Another day we hiked Boynton Canyon, through the western woods, slot canyons, red rock cliffs to the box canyon at the end of the trail. Walking back alone along the trail, I felt my sense of self expand beyond my body and into the trees and rocks around me. All was silent. Boynton Canyon is famous for UFO sightings, though those may just be hikers who left their bodies behind temporarily.

boynton boynton

We toured the Church of the Red Rocks, a crazy church built into the rock face. The chapel had a really nice vibe to it and a broken window that suggested some kind of bird had agreed. Beneath there was a strange gift shop stocked with assorted religious effluvia.

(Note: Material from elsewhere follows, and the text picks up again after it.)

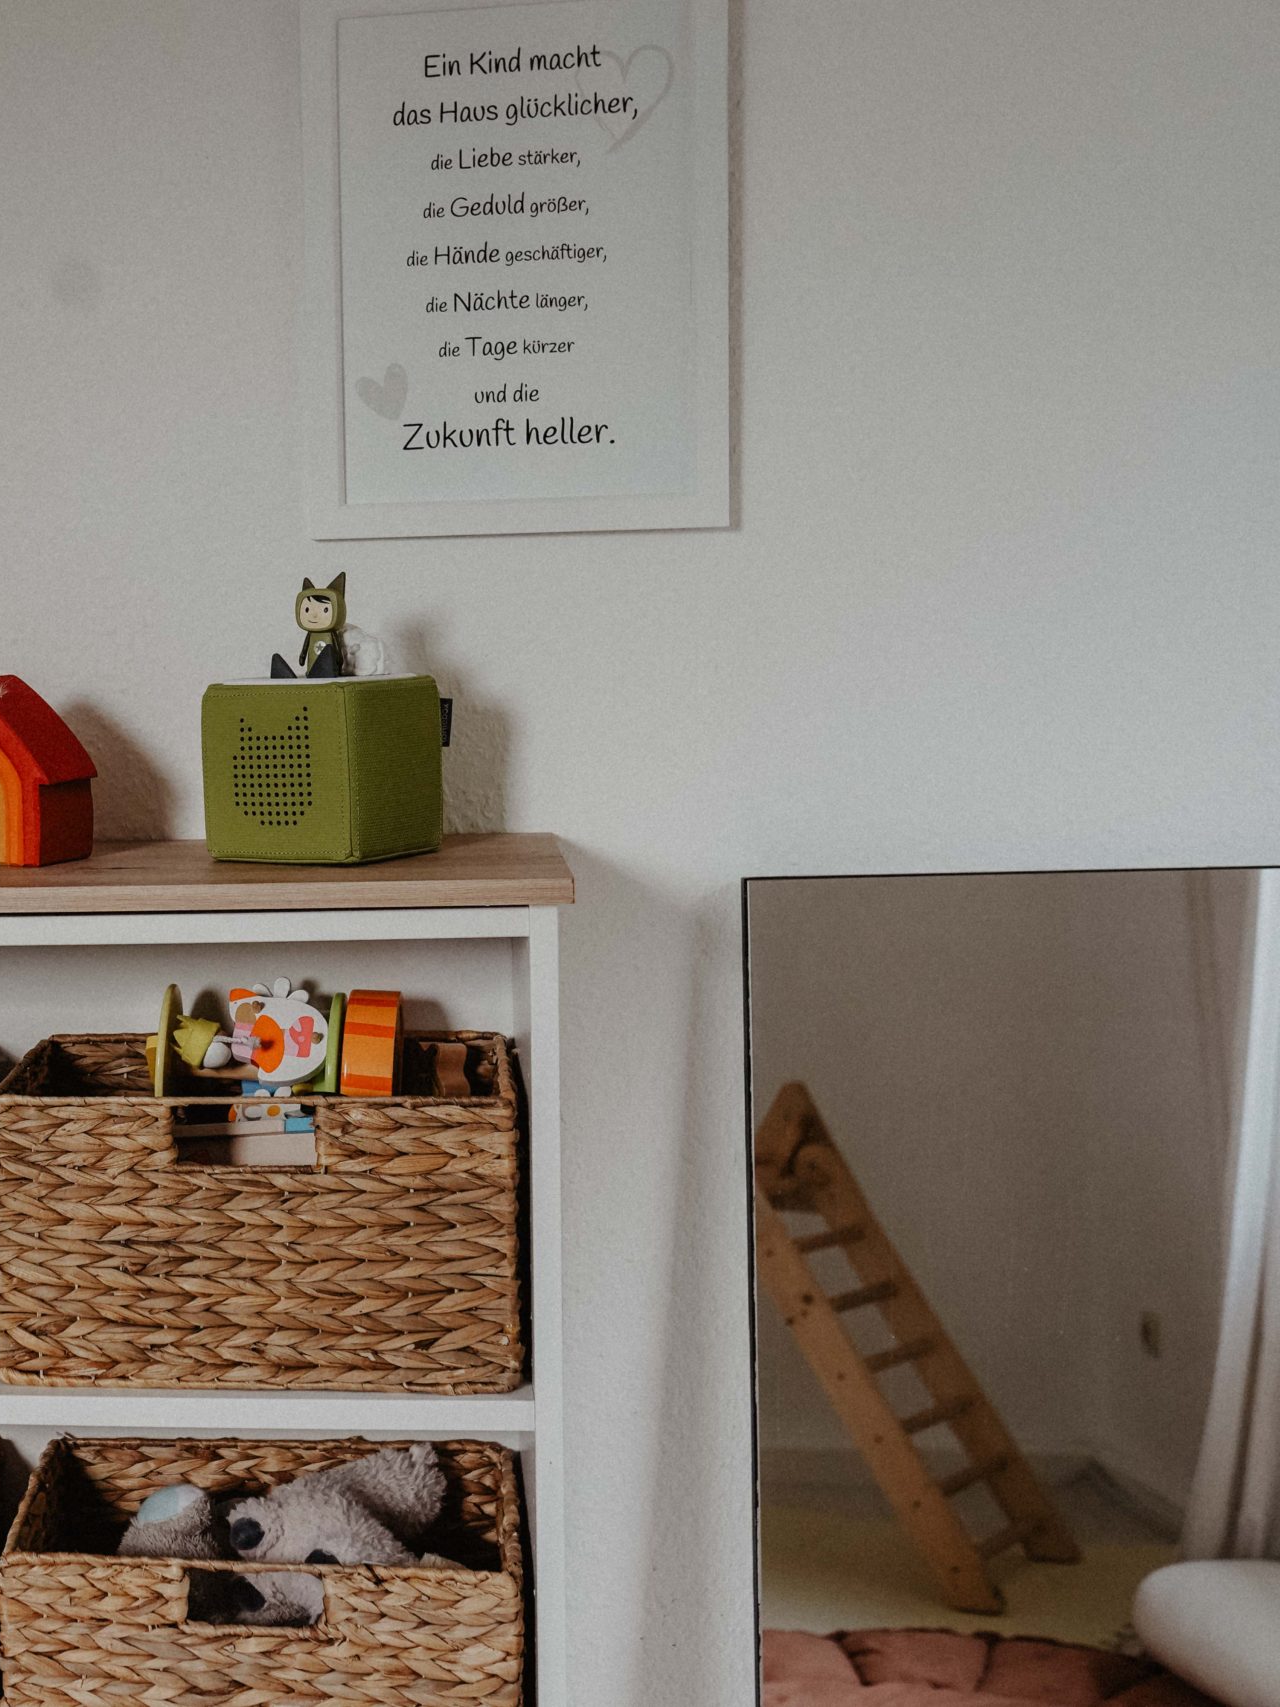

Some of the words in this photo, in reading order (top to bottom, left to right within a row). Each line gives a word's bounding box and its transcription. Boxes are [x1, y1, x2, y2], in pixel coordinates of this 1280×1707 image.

On Tim’s birthday we got kicked out of the crystal room at Crystal Magic and played hacky sack at Sunset Park with a little native kid as a little league game raged nearby. He told us we were cool and asked if that was our red car. It was not. In the parking lot we met an adorable bulldog puppy that I wish I’d voted for in the Democratic caucus.

We took a day to drive up to Flagstaff and get lost in the disc golf course up there, then had my favorite meal of the trip and maybe my life at Red Curry downtown.

The lemongrass ginger tea came out first and it was light in a way I’d never experienced in tea. Hmm. This is the best tea I’ve ever had. I asked the waiter where I could buy some. “They make it in the back.” Hmm.

Out came our Massaman curry and red curry and battered fried golden bananas. Everything was delicious, but beyond that it had an energetic quality that felt incredible. By the end of the meal I felt like I’d just spent three hours meditating. I wanted to do a cartwheel out the door. I’d never experienced this with food before.

Was the cook following some kind of arcane spiritual practice? I’d heard of groups that pray over their food, chant over their food, bless the food, etc. Some save food preparation for their most spiritually-accomplished members. The waiter did not have any deep insights into the mystical secrets of Red Curry Vegan Kitchen’s food preparation. “I don’t know what they do back there.”

I wish I’d pushed this more, barging into the kitchen to catch the cooks having beautiful sex on top of the Pad Thai. Instead when I got home I started reading books on the spiritual properties of food and traipsed far down that path into structuring my own water and working with crystals, Ormus and orgonite. This has been a great experience but I’m still not sure what they were doing back there in that kitchen.

We bounced next door into Sacred Rites and poured ourselves into their sound therapy chairs, bizarre curved rocking chairs with harp strings built into them. As someone plucks the strings, the sound reverberates through your entire body like you climbed inside a guitar. The effect is cleansing and sublime, even if you haven’t just eaten pure love next door. I would have brought one of the chairs home with me if it wasn’t for Delta’s goddamned baggage policy.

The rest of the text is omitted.